Start of Source data

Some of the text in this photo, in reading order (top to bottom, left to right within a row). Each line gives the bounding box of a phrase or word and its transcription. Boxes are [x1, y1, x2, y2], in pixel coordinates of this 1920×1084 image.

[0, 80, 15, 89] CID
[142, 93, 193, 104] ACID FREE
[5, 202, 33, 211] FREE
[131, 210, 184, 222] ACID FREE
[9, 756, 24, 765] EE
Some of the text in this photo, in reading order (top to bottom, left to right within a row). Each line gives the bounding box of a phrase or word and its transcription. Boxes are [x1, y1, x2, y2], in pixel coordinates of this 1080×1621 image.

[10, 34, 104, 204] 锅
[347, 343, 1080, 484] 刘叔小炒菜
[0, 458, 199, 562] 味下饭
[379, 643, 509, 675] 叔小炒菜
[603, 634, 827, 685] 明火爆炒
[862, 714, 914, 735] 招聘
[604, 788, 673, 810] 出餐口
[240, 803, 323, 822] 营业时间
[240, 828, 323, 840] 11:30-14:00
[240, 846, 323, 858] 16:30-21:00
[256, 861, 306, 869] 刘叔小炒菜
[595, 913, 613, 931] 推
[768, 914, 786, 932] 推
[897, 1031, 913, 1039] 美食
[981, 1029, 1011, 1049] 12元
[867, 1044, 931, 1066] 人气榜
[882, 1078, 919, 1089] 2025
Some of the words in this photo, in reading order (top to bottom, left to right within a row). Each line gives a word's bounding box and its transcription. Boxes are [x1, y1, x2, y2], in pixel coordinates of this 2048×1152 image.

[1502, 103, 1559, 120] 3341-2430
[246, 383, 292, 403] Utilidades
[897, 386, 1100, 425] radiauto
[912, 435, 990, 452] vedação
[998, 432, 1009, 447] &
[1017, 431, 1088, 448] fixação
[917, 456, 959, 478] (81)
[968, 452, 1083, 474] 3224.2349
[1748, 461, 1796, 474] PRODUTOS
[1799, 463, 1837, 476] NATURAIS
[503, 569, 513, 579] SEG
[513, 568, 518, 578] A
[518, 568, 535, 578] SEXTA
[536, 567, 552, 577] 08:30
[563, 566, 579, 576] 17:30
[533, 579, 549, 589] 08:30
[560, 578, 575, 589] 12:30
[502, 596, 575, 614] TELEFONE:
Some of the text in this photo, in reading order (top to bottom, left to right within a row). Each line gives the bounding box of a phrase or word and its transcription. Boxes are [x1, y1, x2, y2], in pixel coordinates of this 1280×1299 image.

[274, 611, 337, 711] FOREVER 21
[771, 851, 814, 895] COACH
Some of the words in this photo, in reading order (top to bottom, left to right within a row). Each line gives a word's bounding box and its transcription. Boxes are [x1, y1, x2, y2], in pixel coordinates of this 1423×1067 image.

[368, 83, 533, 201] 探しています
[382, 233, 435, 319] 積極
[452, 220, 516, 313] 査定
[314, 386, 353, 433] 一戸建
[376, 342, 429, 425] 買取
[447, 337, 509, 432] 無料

End of Source data

What you have to do: All the records, from start to finish, are to be repeated exactly.

Answer space:
Some of the text in this photo, in reading order (top to bottom, left to right within a row). Each line gives the bounding box of a phrase or word and its transcription. Boxes are [x1, y1, x2, y2], in pixel coordinates of this 1920×1084 image.

[0, 80, 15, 89] CID
[142, 93, 193, 104] ACID FREE
[5, 202, 33, 211] FREE
[131, 210, 184, 222] ACID FREE
[9, 756, 24, 765] EE
Some of the text in this photo, in reading order (top to bottom, left to right within a row). Each line gives the bounding box of a phrase or word and its transcription. Boxes are [x1, y1, x2, y2], in pixel coordinates of this 1080×1621 image.

[10, 34, 104, 204] 锅
[347, 343, 1080, 484] 刘叔小炒菜
[0, 458, 199, 562] 味下饭
[379, 643, 509, 675] 叔小炒菜
[603, 634, 827, 685] 明火爆炒
[862, 714, 914, 735] 招聘
[604, 788, 673, 810] 出餐口
[240, 803, 323, 822] 营业时间
[240, 828, 323, 840] 11:30-14:00
[240, 846, 323, 858] 16:30-21:00
[256, 861, 306, 869] 刘叔小炒菜
[595, 913, 613, 931] 推
[768, 914, 786, 932] 推
[897, 1031, 913, 1039] 美食
[981, 1029, 1011, 1049] 12元
[867, 1044, 931, 1066] 人气榜
[882, 1078, 919, 1089] 2025
Some of the words in this photo, in reading order (top to bottom, left to right within a row). Each line gives a word's bounding box and its transcription. Boxes are [x1, y1, x2, y2], in pixel coordinates of this 2048×1152 image.

[1502, 103, 1559, 120] 3341-2430
[246, 383, 292, 403] Utilidades
[897, 386, 1100, 425] radiauto
[912, 435, 990, 452] vedação
[998, 432, 1009, 447] &
[1017, 431, 1088, 448] fixação
[917, 456, 959, 478] (81)
[968, 452, 1083, 474] 3224.2349
[1748, 461, 1796, 474] PRODUTOS
[1799, 463, 1837, 476] NATURAIS
[503, 569, 513, 579] SEG
[513, 568, 518, 578] A
[518, 568, 535, 578] SEXTA
[536, 567, 552, 577] 08:30
[563, 566, 579, 576] 17:30
[533, 579, 549, 589] 08:30
[560, 578, 575, 589] 12:30
[502, 596, 575, 614] TELEFONE:
Some of the text in this photo, in reading order (top to bottom, left to right within a row). Each line gives the bounding box of a phrase or word and its transcription. Boxes are [x1, y1, x2, y2], in pixel coordinates of this 1280×1299 image.

[274, 611, 337, 711] FOREVER 21
[771, 851, 814, 895] COACH
Some of the words in this photo, in reading order (top to bottom, left to right within a row). Each line gives a word's bounding box and its transcription. Boxes are [x1, y1, x2, y2], in pixel coordinates of this 1423×1067 image.

[368, 83, 533, 201] 探しています
[382, 233, 435, 319] 積極
[452, 220, 516, 313] 査定
[314, 386, 353, 433] 一戸建
[376, 342, 429, 425] 買取
[447, 337, 509, 432] 無料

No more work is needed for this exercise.